Mr. Potter is a somewhat scatter-brained house painter living in Stillwater. What I said to my kids when we read this was that I thought Stillwater was like Springfield, common enough for everyone to relate to but not in any particular state, though I knew there was one in Oklahoma. My friends in the Wiki kingdom, though, claim the town is in Minnesota. I’ve no reason to understand why they believe that, the state is never mentioned in the book. So beware the authority of all online oracles and go look for yourself.

I said scatter-brained and that may be unfair. He might be, in his own daydreaming way, a nascent genius. He’s certainly responsible for the still-popular interior design trick of painting one wall a different color, though in his case it seems more a matter of mistake than intent. He’d much rather be lost in the books of polar exploration he spends his free time immersed in.

When we meet him, Mr.Popper is about to settle in for a long winter with his books. It turns out that house painting is a seasonal business and that each year comes with a built-in 6-month sabbatical. Here’s my proof that a story can transcend time: my 9-year old son, upon hearing Mrs. Popper say that money was tight and they’d just have to eat more beans to make ends meet, almost burst into tears. It probably helped that the Popper children, Bill and Janie, are close to his age.

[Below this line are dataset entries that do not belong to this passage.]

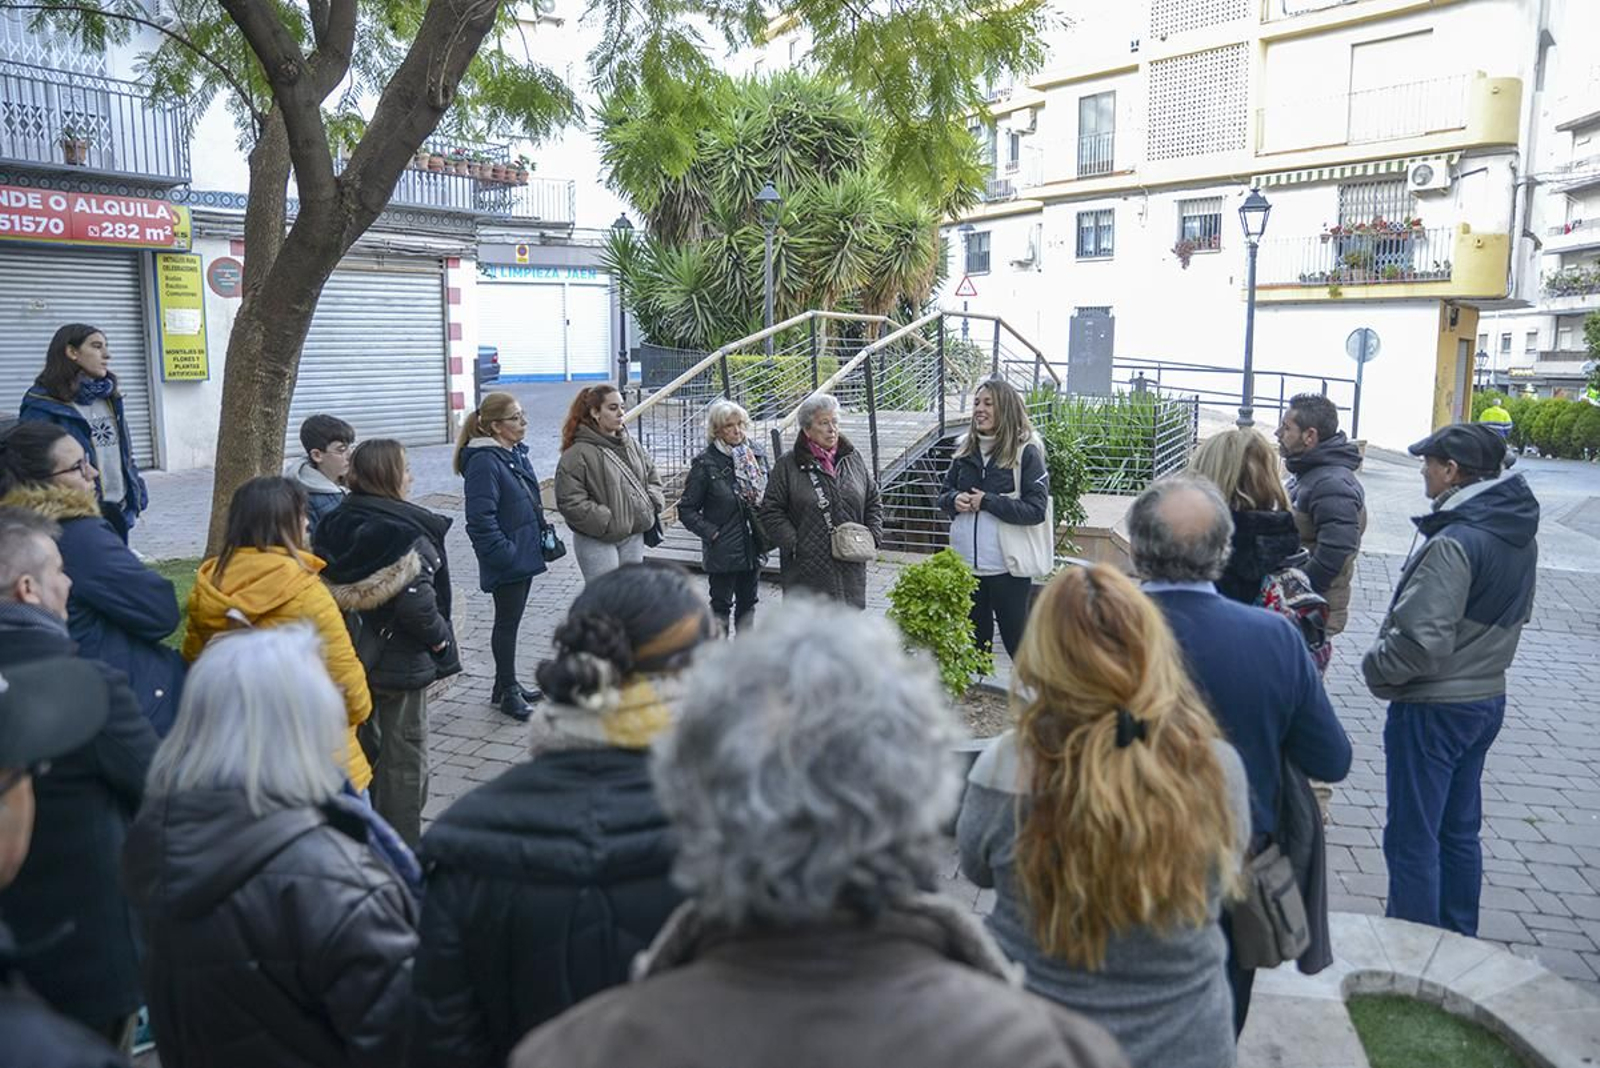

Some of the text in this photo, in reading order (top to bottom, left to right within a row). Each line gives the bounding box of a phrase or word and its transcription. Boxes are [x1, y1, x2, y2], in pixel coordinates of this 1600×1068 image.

[49, 194, 68, 211] O
[74, 198, 171, 220] ALQUILA
[0, 213, 65, 235] 51570
[101, 222, 140, 240] 282
[500, 264, 560, 279] LIMPIEZA

There were plenty of penguins in my own childhood, of course.

Mr. Popper no sooner settles in for his winter routine than when, in a radio address from the South Pole, Admiral Drake calls him out and tells him to look for a surprise. It soon arrives: an Emperor penguin immediately christened Captain Cook after the explorer.

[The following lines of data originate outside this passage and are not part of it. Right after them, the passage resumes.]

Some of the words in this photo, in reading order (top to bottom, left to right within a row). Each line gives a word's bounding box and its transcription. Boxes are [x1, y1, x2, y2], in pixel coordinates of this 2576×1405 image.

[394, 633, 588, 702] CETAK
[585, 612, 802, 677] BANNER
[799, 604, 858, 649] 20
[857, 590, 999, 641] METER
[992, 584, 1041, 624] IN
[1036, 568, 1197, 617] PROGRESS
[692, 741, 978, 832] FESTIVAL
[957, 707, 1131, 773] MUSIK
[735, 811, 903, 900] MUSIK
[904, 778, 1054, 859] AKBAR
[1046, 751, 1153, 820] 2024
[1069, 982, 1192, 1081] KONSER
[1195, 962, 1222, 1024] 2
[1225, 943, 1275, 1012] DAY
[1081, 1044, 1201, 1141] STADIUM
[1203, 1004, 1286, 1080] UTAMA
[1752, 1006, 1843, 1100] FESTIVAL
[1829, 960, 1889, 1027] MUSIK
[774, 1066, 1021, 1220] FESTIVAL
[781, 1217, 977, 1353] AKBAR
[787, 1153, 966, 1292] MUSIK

The bird turns the household upside down. Accommodations–costly accommodations–are made. But the bird also attracts attention. Then his spirit and health seem to flag. Mr. Popper contacts an expert at an aquarium. The response comes in two parts: a statement of not knowing what the problem is and delivery of a female penguin who is also ailing. Now the Poppers have two birds and money is even tighter.

But wait, there’s more, much more! Greta, as they quickly christen the new arrival, perks up, then just as quickly flags. But this isn’t ennui; it’s pregnancy. And Greta–an exceptional bird–lays ten eggs. Soon enough the Popper’s have a dozen penguins, each with its name painted on its back so they can be identified. They also have a frozen and flooded basement where the birds romp and, eventually, pick up a trick or two.

Habits of dress like this led the Blues Brothers to call nuns penguins.

It’s those tricks that save the day. The Popper Penguins become a vaudeville act, signed at a movie-star like salary of $5,000 a week. That’s a lot of money even today; in the depths of economic misery, it must have seemed astronomical.

The money solves many problems, but it creates new ones. The act pays its own expenses. Traveling, feeding and bedding down a dozen squawking birds is neither easy nor cheap. Worse, as temperatures begin to rise the birds begin to fail. What to do?

Enter Admiral Drake, back from the South Pole. He has a proposition for Mr. Popper. So, too, does Mr. Greenbaum, a Hollywood producer who’s approached the vaudeville promoter with a film deal. Mr. Popper must choose: say goodbye to his beloved birds, who will seed the first arctic colony of penguins, or hit the show biz big time. (One glory of kid’s books: you can ignore that both these choices are wildly improbable and prone to failure.)

You should read the book to find out what choice Mr. Popper makes. My kids understood it and, seeing as how this was for them (which is what I always tell myself when it’s really for me), that’s what counts.